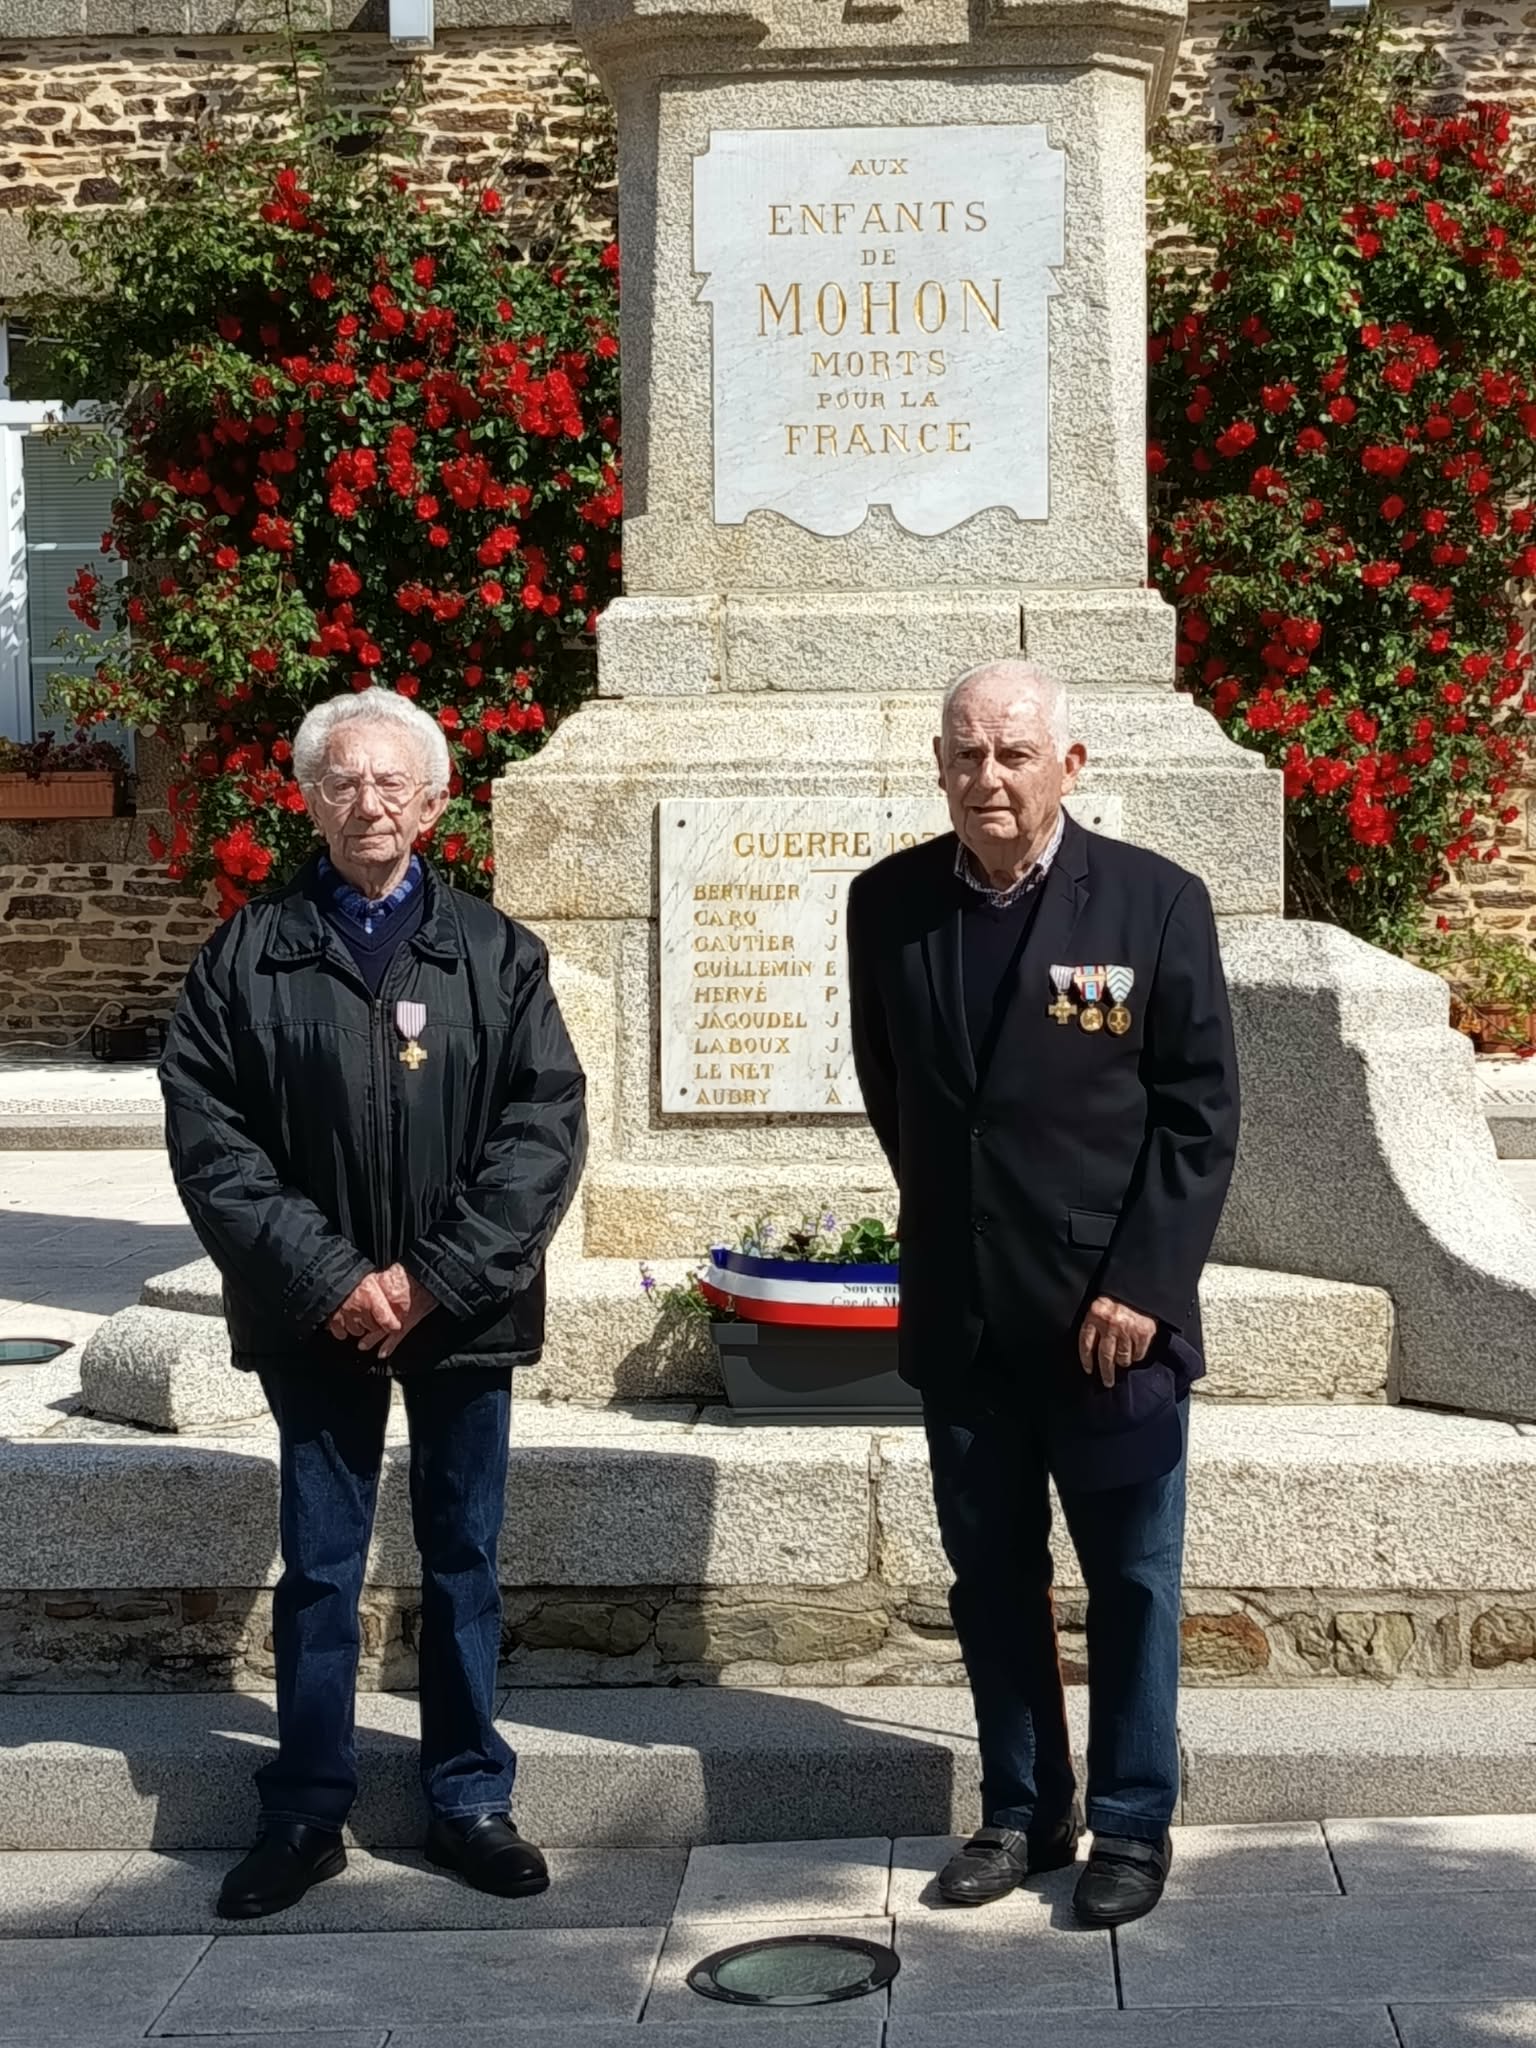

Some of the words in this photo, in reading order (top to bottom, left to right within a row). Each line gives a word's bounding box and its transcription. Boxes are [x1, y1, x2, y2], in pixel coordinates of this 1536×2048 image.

[849, 159, 908, 175] AUX
[768, 201, 987, 235] ENFANTS
[861, 250, 896, 265] DE
[755, 279, 1004, 336] MOHON
[811, 351, 945, 378] MORTS
[817, 392, 885, 409] POUR
[901, 392, 939, 407] LA
[785, 422, 971, 456] FRANCE
[735, 832, 871, 857] GUERRE
[692, 884, 799, 900] BERTHIER
[695, 910, 756, 926] CARO
[695, 982, 767, 1003] HERVÉ
[695, 1038, 791, 1054] LABOUX
[696, 1064, 721, 1079] LE
[731, 1064, 774, 1079] NET
[696, 1089, 770, 1104] AUBRY
[883, 1297, 899, 1308] M
========================================
(WORK ITEM):
Each entry above must be set down word for word; none of its pictures belong in the copy.

(FINAL ANSWER):
Some of the words in this photo, in reading order (top to bottom, left to right within a row). Each line gives a word's bounding box and its transcription. Boxes are [x1, y1, x2, y2], in pixel coordinates of this 1536×2048 image.

[849, 159, 908, 175] AUX
[768, 201, 987, 235] ENFANTS
[861, 250, 896, 265] DE
[755, 279, 1004, 336] MOHON
[811, 351, 945, 378] MORTS
[817, 392, 885, 409] POUR
[901, 392, 939, 407] LA
[785, 422, 971, 456] FRANCE
[735, 832, 871, 857] GUERRE
[692, 884, 799, 900] BERTHIER
[695, 910, 756, 926] CARO
[695, 982, 767, 1003] HERVÉ
[695, 1038, 791, 1054] LABOUX
[696, 1064, 721, 1079] LE
[731, 1064, 774, 1079] NET
[696, 1089, 770, 1104] AUBRY
[883, 1297, 899, 1308] M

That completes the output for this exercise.